*SUPPLIED RECORDS*:
● ● ●

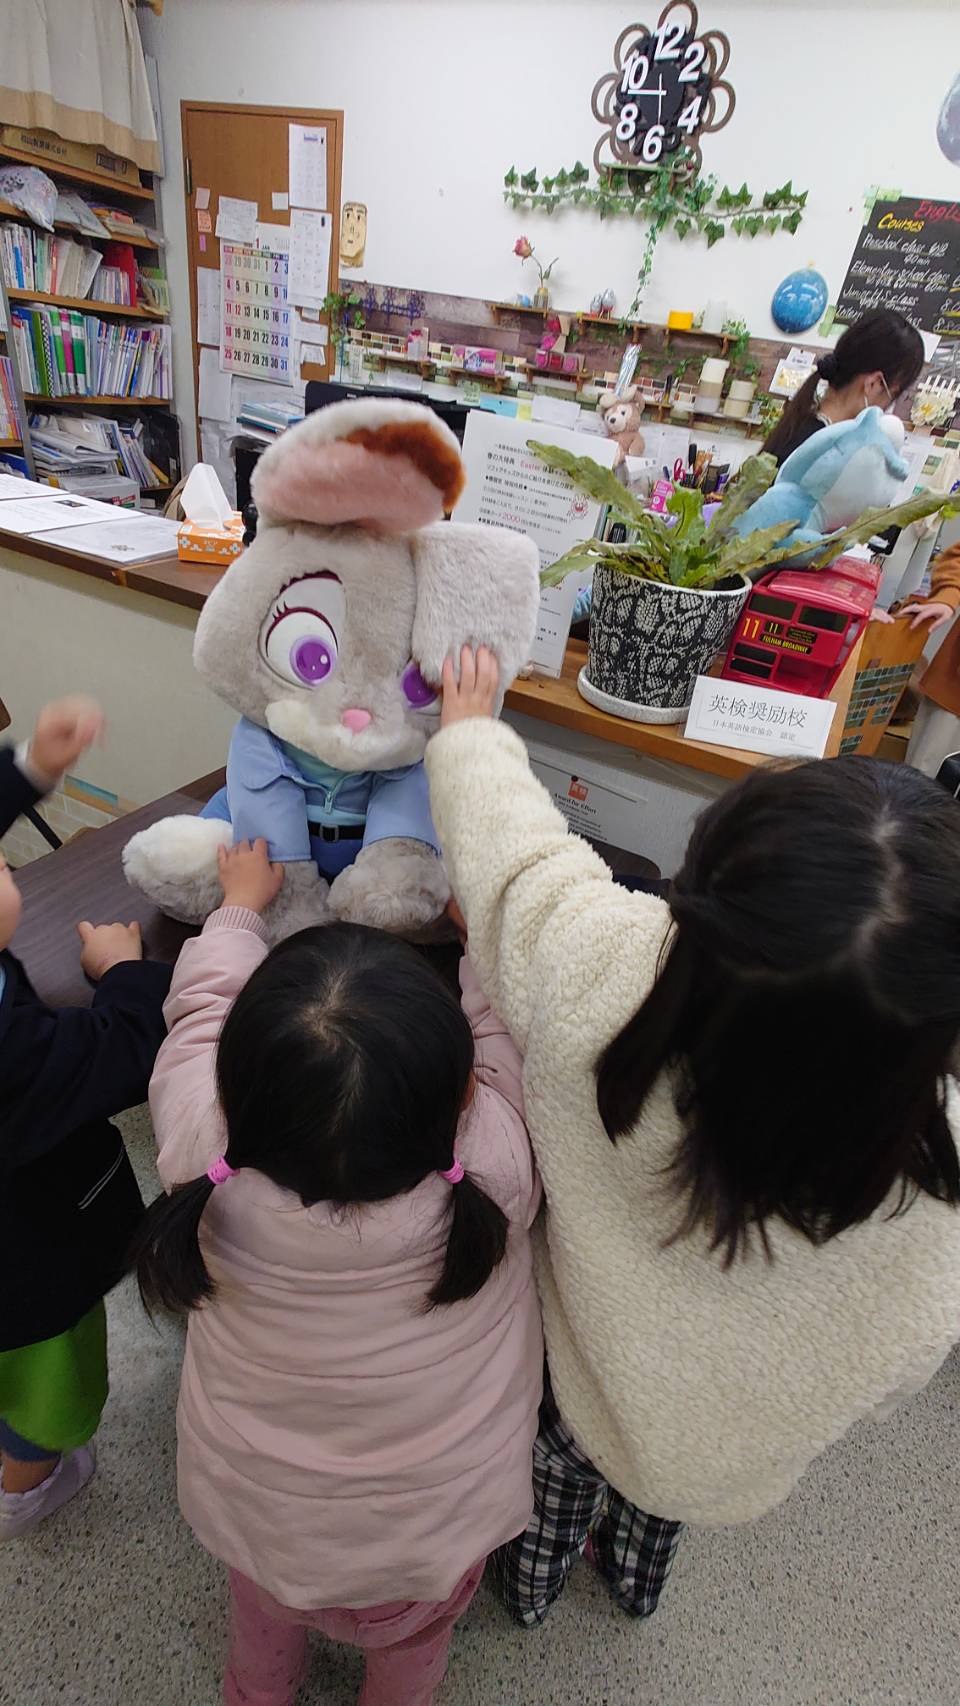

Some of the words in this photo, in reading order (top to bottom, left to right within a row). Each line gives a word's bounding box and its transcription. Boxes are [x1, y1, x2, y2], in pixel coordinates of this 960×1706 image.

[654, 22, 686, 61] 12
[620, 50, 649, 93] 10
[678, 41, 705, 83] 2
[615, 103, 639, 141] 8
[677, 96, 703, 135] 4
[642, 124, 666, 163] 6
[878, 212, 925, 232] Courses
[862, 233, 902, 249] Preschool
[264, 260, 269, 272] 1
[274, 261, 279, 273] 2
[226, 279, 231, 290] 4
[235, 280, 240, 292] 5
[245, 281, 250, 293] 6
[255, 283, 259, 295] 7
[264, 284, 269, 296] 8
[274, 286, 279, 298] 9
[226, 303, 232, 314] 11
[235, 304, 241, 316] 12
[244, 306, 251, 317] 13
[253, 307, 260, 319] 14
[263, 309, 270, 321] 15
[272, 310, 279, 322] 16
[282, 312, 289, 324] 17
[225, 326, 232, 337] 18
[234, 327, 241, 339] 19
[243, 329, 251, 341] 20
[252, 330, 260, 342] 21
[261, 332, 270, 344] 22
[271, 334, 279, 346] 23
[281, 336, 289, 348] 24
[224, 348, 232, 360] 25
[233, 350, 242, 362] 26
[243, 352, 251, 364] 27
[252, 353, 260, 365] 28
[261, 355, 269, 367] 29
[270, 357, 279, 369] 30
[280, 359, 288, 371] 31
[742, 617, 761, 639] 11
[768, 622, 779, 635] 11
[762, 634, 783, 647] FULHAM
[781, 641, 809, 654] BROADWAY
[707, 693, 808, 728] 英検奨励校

● ● ●

*EXERCISE OBJECTIVE*:
Reproduce all of the material exactly, apart from the pictures.

*PROBLEM SOLUTION*:
Some of the words in this photo, in reading order (top to bottom, left to right within a row). Each line gives a word's bounding box and its transcription. Boxes are [x1, y1, x2, y2], in pixel coordinates of this 960×1706 image.

[654, 22, 686, 61] 12
[620, 50, 649, 93] 10
[678, 41, 705, 83] 2
[615, 103, 639, 141] 8
[677, 96, 703, 135] 4
[642, 124, 666, 163] 6
[878, 212, 925, 232] Courses
[862, 233, 902, 249] Preschool
[264, 260, 269, 272] 1
[274, 261, 279, 273] 2
[226, 279, 231, 290] 4
[235, 280, 240, 292] 5
[245, 281, 250, 293] 6
[255, 283, 259, 295] 7
[264, 284, 269, 296] 8
[274, 286, 279, 298] 9
[226, 303, 232, 314] 11
[235, 304, 241, 316] 12
[244, 306, 251, 317] 13
[253, 307, 260, 319] 14
[263, 309, 270, 321] 15
[272, 310, 279, 322] 16
[282, 312, 289, 324] 17
[225, 326, 232, 337] 18
[234, 327, 241, 339] 19
[243, 329, 251, 341] 20
[252, 330, 260, 342] 21
[261, 332, 270, 344] 22
[271, 334, 279, 346] 23
[281, 336, 289, 348] 24
[224, 348, 232, 360] 25
[233, 350, 242, 362] 26
[243, 352, 251, 364] 27
[252, 353, 260, 365] 28
[261, 355, 269, 367] 29
[270, 357, 279, 369] 30
[280, 359, 288, 371] 31
[742, 617, 761, 639] 11
[768, 622, 779, 635] 11
[762, 634, 783, 647] FULHAM
[781, 641, 809, 654] BROADWAY
[707, 693, 808, 728] 英検奨励校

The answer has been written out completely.